South African musician

Victor Khojane, better known as Dr Victor or Dr Vic, is a pop and R&B musician, who was born in Kimberley, South Africa.

==Career==

Khojane began playing when he was a student, in a band called CC Beat, mainly influenced by afropop stars such as Blondie and Papa, Harare Mambo Band and Jonathan Butler, as well as some Afro-American acts (mainly the Jackson Five). In 1984, CC Beat began playing nightclubs in Johannesburg; at the time, they managed to sign with label CCP Records (an affiliate of EMI), but the contract was later dismissed. Another label, Dephon Records, put them under contract shortly thereafter. CC Beat changed their name to 'Taxi' and did sessions for Lucky Dube and other bands.

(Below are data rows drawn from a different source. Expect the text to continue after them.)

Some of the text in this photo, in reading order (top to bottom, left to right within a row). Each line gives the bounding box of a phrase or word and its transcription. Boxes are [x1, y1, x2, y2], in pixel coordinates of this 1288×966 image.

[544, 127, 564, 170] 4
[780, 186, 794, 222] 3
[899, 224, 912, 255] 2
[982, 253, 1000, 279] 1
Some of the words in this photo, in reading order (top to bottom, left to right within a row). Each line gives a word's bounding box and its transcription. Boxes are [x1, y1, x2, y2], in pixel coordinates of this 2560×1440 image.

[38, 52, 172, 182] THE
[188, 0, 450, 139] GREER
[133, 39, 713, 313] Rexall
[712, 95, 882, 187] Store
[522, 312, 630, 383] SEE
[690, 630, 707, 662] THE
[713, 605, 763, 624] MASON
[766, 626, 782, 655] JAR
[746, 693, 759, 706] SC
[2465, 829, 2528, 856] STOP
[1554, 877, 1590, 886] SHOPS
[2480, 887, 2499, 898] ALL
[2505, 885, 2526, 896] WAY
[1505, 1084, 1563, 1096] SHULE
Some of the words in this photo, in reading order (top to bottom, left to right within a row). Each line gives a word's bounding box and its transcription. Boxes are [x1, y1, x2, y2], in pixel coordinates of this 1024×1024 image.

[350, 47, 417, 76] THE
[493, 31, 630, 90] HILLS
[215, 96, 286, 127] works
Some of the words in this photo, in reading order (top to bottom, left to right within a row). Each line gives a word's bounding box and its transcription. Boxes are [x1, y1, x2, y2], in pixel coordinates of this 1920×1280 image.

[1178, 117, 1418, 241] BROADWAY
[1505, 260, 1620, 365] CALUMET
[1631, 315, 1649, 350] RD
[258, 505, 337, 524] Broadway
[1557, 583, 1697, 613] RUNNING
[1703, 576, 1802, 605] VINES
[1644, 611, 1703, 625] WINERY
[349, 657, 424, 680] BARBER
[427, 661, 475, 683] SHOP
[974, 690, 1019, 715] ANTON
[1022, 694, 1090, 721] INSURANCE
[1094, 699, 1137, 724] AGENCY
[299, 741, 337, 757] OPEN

In 1991 the band changed label again, signing for independent label CSR. They recorded their first album, an Eddy Grant tribute entitled The Rasta Rebels. This work was highly successful, to the point that they decided to change the name of the band to Rasta Rebels. At about the same time, Khojane adopted the pseudonym Dr Victor.

Dr Victor then recorded a few solo albums, such as Badayo, Hello Afrika, and One Goal, One Wish. All these works were quite successful in South Africa, and Dr Victor was invited to open for international stars such as Paul Simon, Gloria Estefan and Janet Jackson. In 1997, Dr Victor's album Faya was his first work to get international attention, selling well in France, Mexico, Japan and the Middle East.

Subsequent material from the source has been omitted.